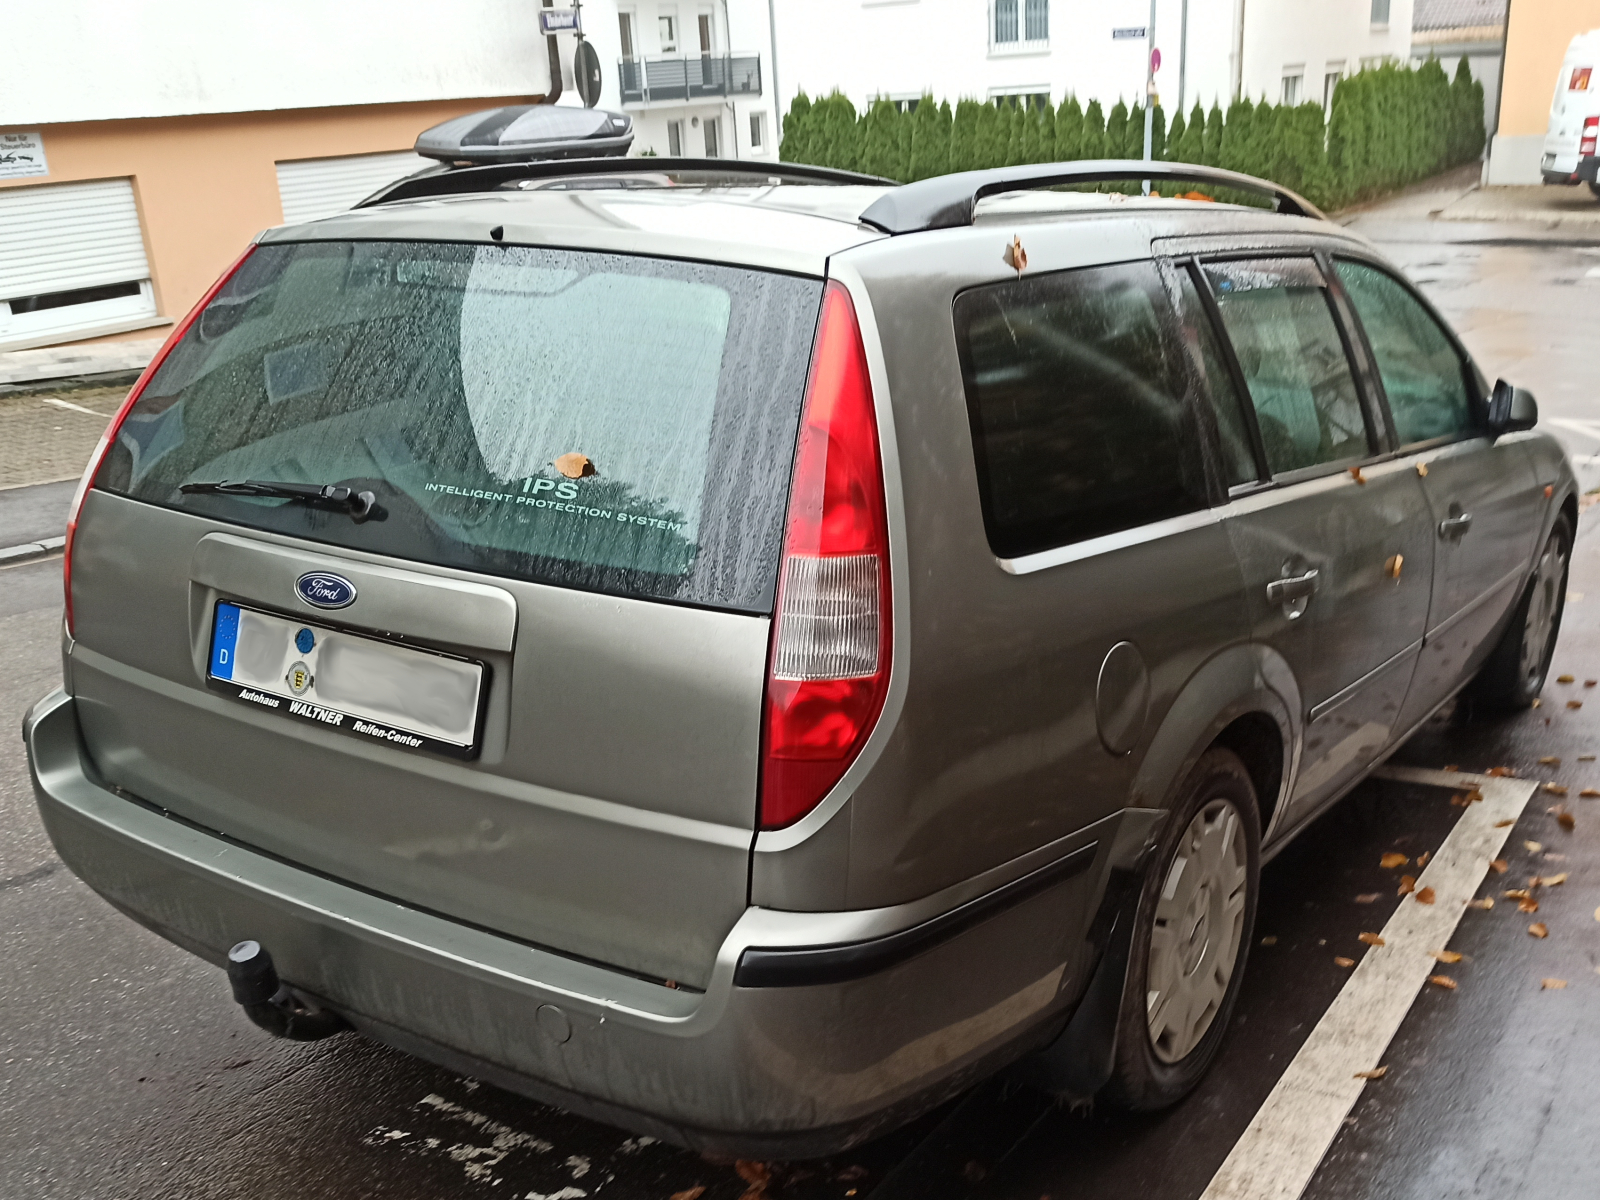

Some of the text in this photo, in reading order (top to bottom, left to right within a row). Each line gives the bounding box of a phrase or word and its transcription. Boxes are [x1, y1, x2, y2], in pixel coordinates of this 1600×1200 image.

[522, 477, 579, 499] IPS
[424, 483, 682, 532] INTELLIGENT PROTECTION SYSTEM
[307, 579, 339, 600] Ford
[219, 648, 229, 664] D
[239, 689, 422, 748] Autohaus WALTNER Reifen-Center
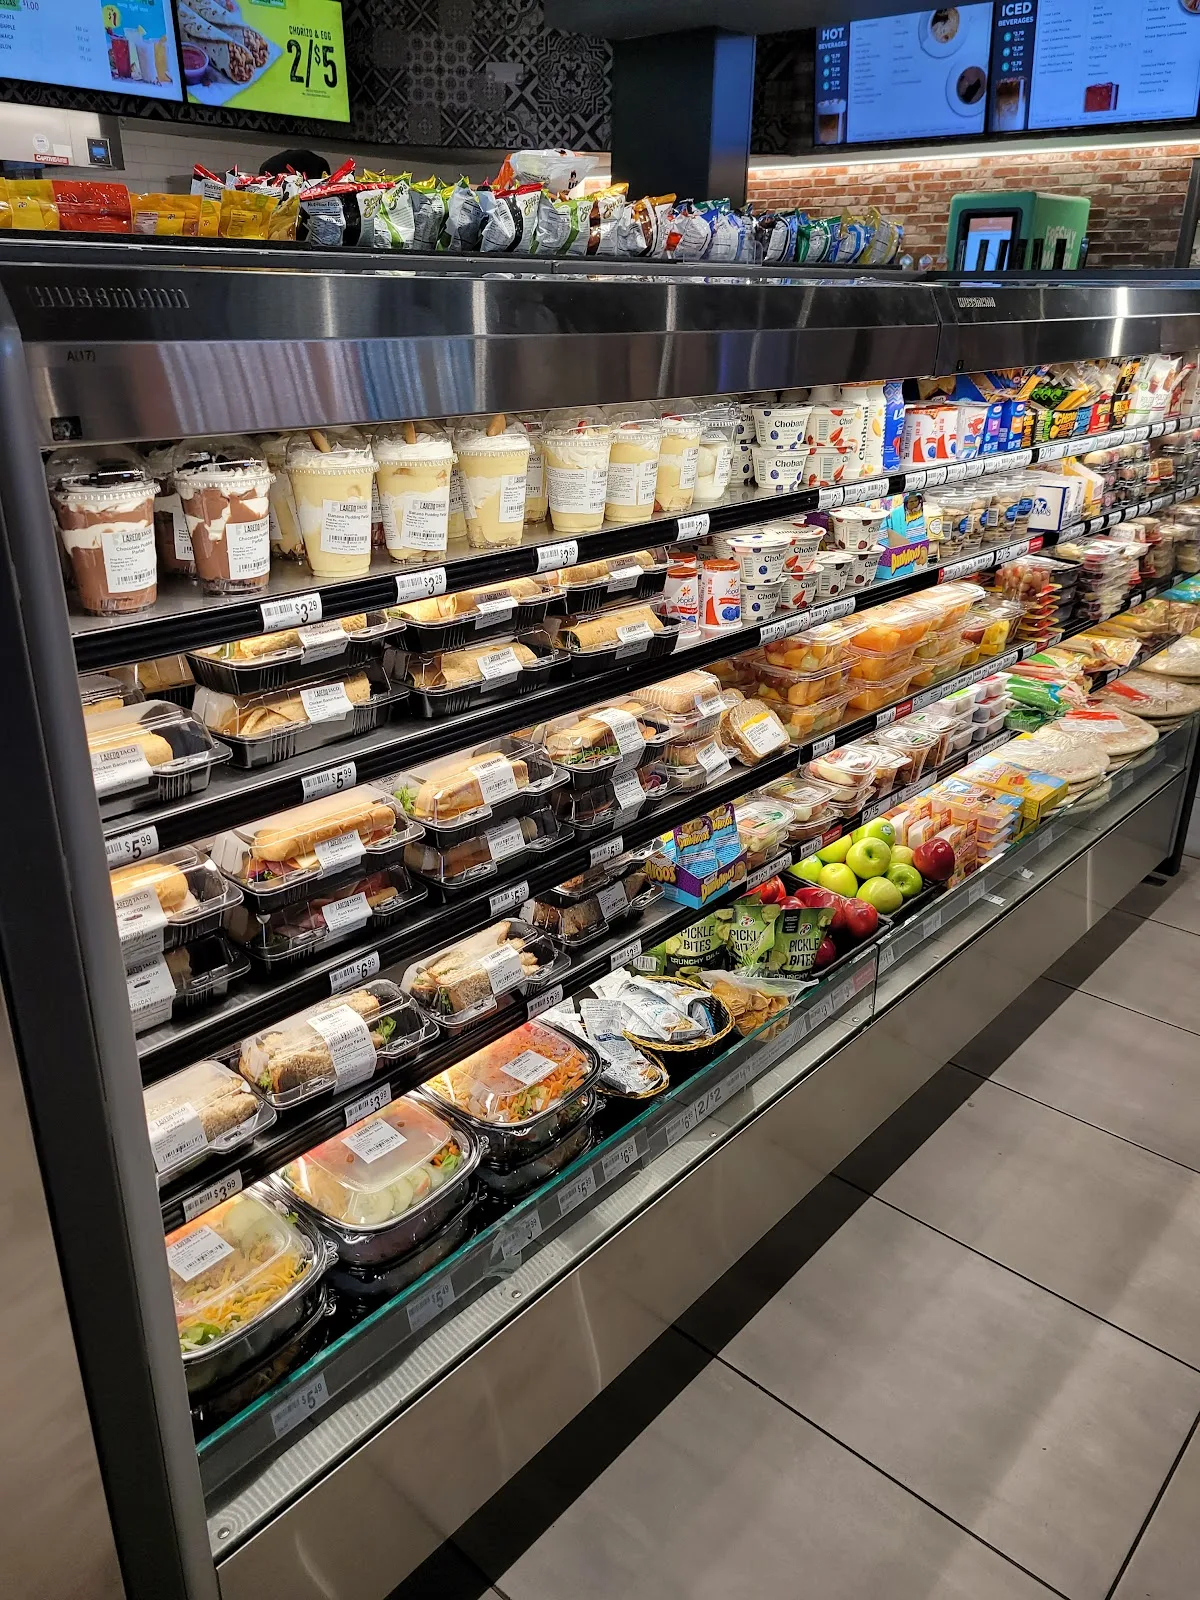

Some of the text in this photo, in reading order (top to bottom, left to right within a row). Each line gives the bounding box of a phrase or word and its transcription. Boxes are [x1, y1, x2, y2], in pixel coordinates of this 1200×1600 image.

[1002, 2, 1032, 16] ICED
[998, 16, 1034, 26] BEVERAGES
[289, 26, 332, 40] CHORIZO & EGG
[822, 27, 844, 40] HOT
[818, 41, 847, 50] BEVERAGES
[286, 39, 338, 88] 2/$5
[67, 350, 95, 362] A(17)
[858, 406, 869, 461] Chobani
[120, 748, 136, 756] TACO
[681, 925, 714, 953] PICKLE BITES
[789, 938, 819, 952] PICKLE
[142, 960, 157, 969] TACO
[671, 956, 703, 966] CRUNCHY
[789, 953, 816, 966] BITES
------
WORK INSTRUCTION | Please return only the lines from the one with "this 1200×1600 image." through the end of the listing, each exactly as written, first and last included.

ANSWER SECTION |
Some of the text in this photo, in reading order (top to bottom, left to right within a row). Each line gives the bounding box of a phrase or word and its transcription. Boxes are [x1, y1, x2, y2], in pixel coordinates of this 1200×1600 image.

[1002, 2, 1032, 16] ICED
[998, 16, 1034, 26] BEVERAGES
[289, 26, 332, 40] CHORIZO & EGG
[822, 27, 844, 40] HOT
[818, 41, 847, 50] BEVERAGES
[286, 39, 338, 88] 2/$5
[67, 350, 95, 362] A(17)
[858, 406, 869, 461] Chobani
[120, 748, 136, 756] TACO
[681, 925, 714, 953] PICKLE BITES
[789, 938, 819, 952] PICKLE
[142, 960, 157, 969] TACO
[671, 956, 703, 966] CRUNCHY
[789, 953, 816, 966] BITES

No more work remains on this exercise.